Como foi o primeiro dia
Cid confirmou tentativa de golpe, mas negou participação. Ele disse que "presenciou grande parte dos fatos" e reforçou que não foi alvo de qualquer tipo de coação na delação.
Bolsonaro "recebeu e leu" a minuta do golpe, segundo Cid. O tenente-coronel disse que ele fez alterações no documento e "deu uma enxugada" para retirar a parte que pedia a prisão de autoridades, deixando somente Moraes.
Delator voltou a dizer que recebeu dinheiro em caixa de vinho. Cid afirmou que entregou ao major Rafael de Oliveira uma caixa de vinho com dinheiro a pedido do general Braga Netto. O montante seria destinado a bancar uma operação de golpe.
Ramagem itiu que não há provas de fraudes nas urnas. Ele argumentou que fazia anotações "privadas" sobre o assunto, mas não enviava ao então presidente Bolsonaro.
Moraes questionou se Ramagem usou a Abin para monitorar ministros do STF. "Nunca utilizei monitoramento algum pela Abin de qualquer autoridade", respondeu.

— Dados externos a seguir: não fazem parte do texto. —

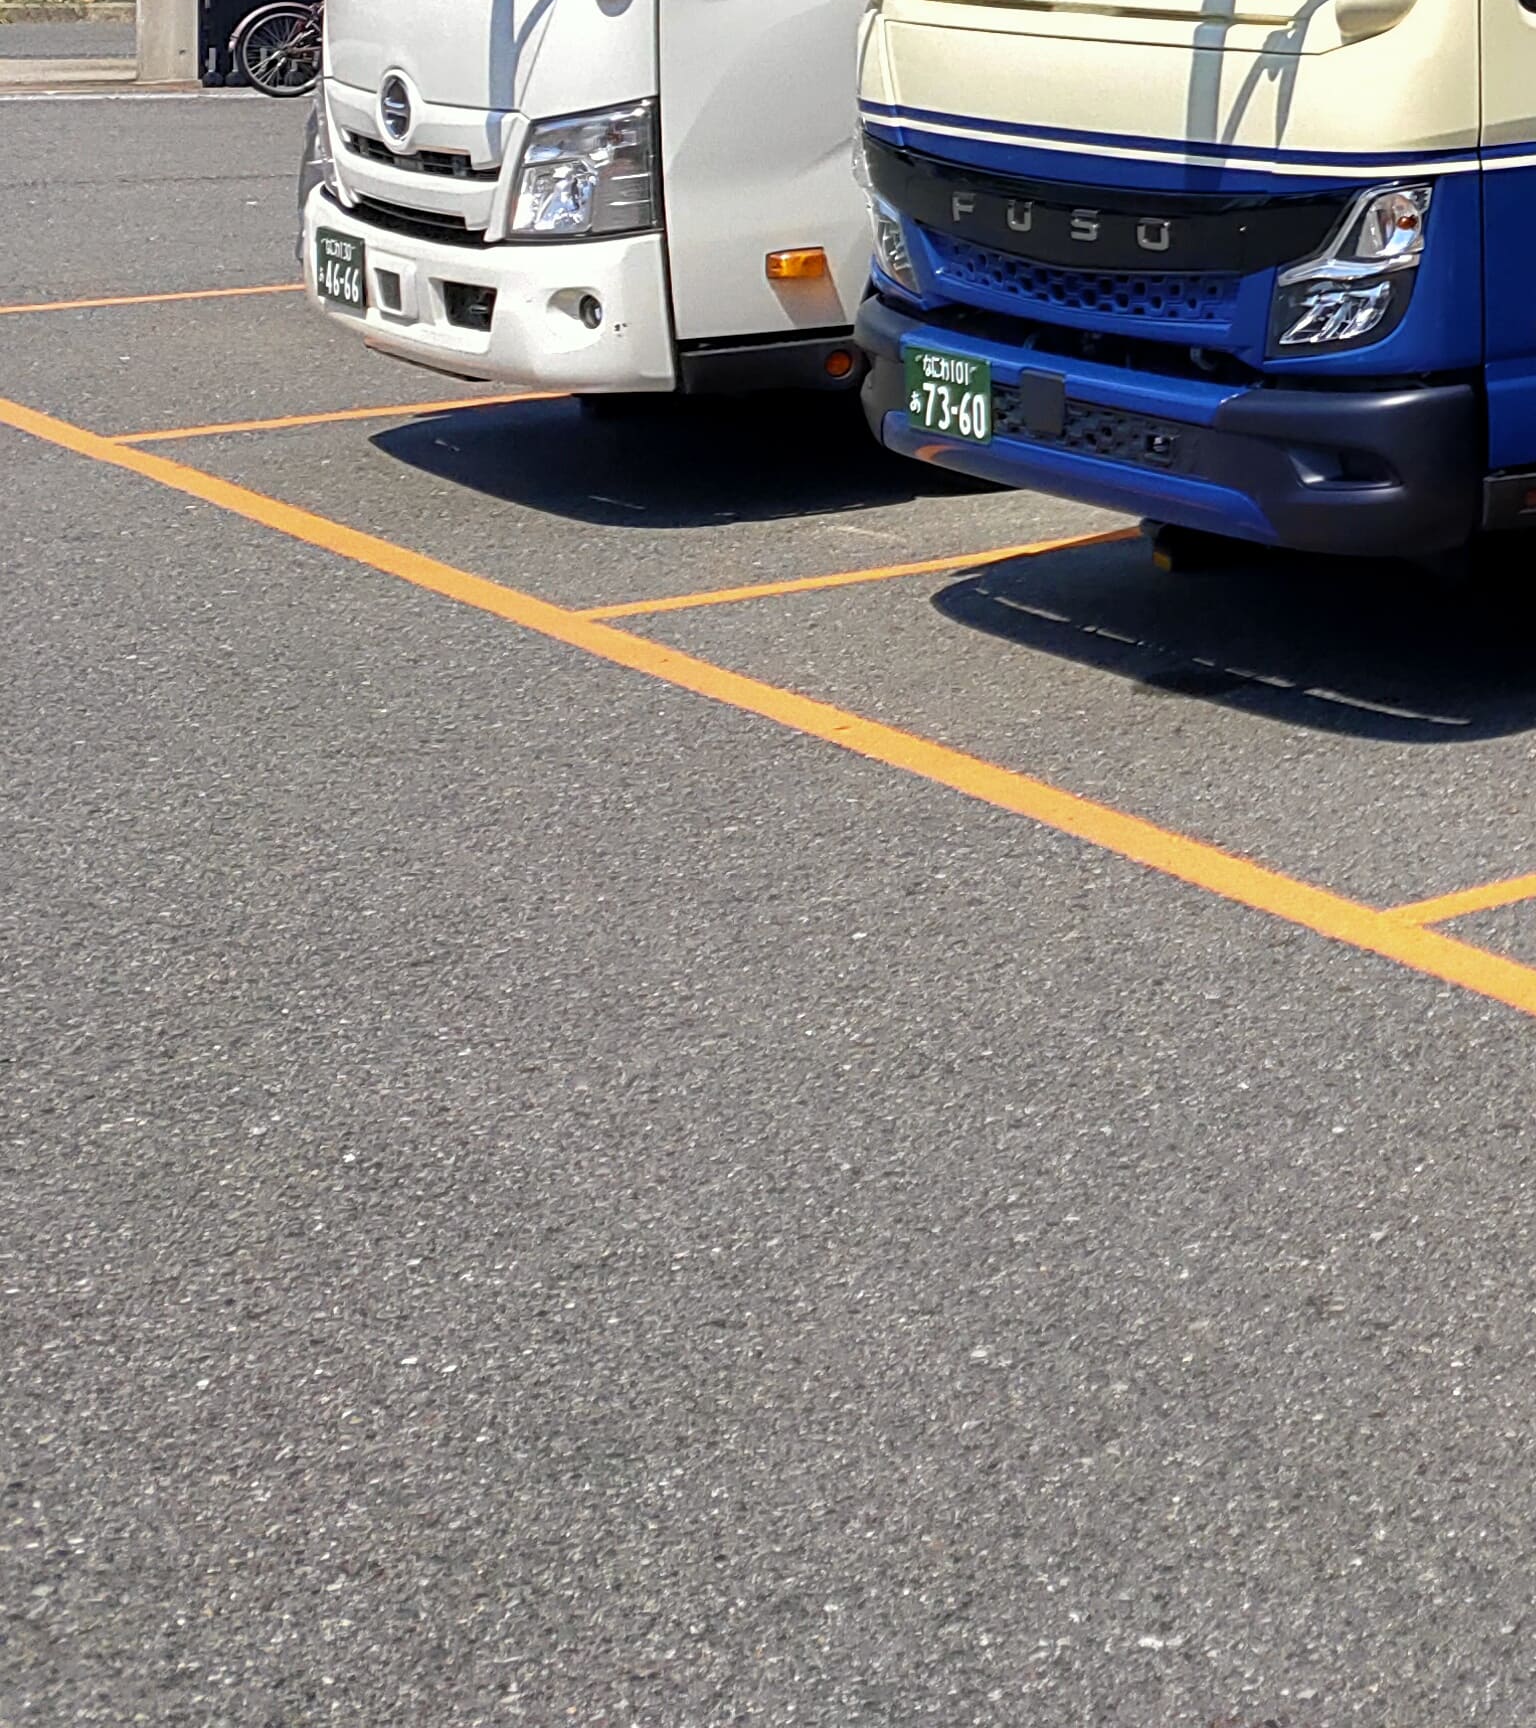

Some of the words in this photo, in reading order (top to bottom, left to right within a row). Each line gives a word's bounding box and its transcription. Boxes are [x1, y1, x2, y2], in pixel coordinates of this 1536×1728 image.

[952, 191, 1170, 251] FUSO
[325, 259, 360, 303] 46-66
[909, 391, 921, 413] あ
[923, 382, 986, 439] 73-60

Momentos de Moraes renderam risos dos presentes ao longo da sessão. Até o final, quando o advogado do general Heleno pediu para a sessão começar mais tarde, após as 9h de amanhã, para ele "minimamente poder jantar", o ministro respondeu que sim, "às 9h02". O horário foi mantido.
Os réus que vão ser interrogados, na ordem:
Mauro Cid (ex-ajudante de ordens da Presidência e delator);
Alexandre Ramagem (ex-diretor da Agência Brasileira de Inteligência);
Almir Garnier (ex-comandante da Marinha);
Anderson Torres (ex-ministro da Justiça);
Augusto Heleno (ex-ministro do Gabinete de Segurança Institucional);
Jair Bolsonaro (ex-presidente da República);
Paulo Sérgio Nogueira (ex-ministro da Defesa);
Walter Braga Netto (general da reserva e ex-ministro da Casa Civil).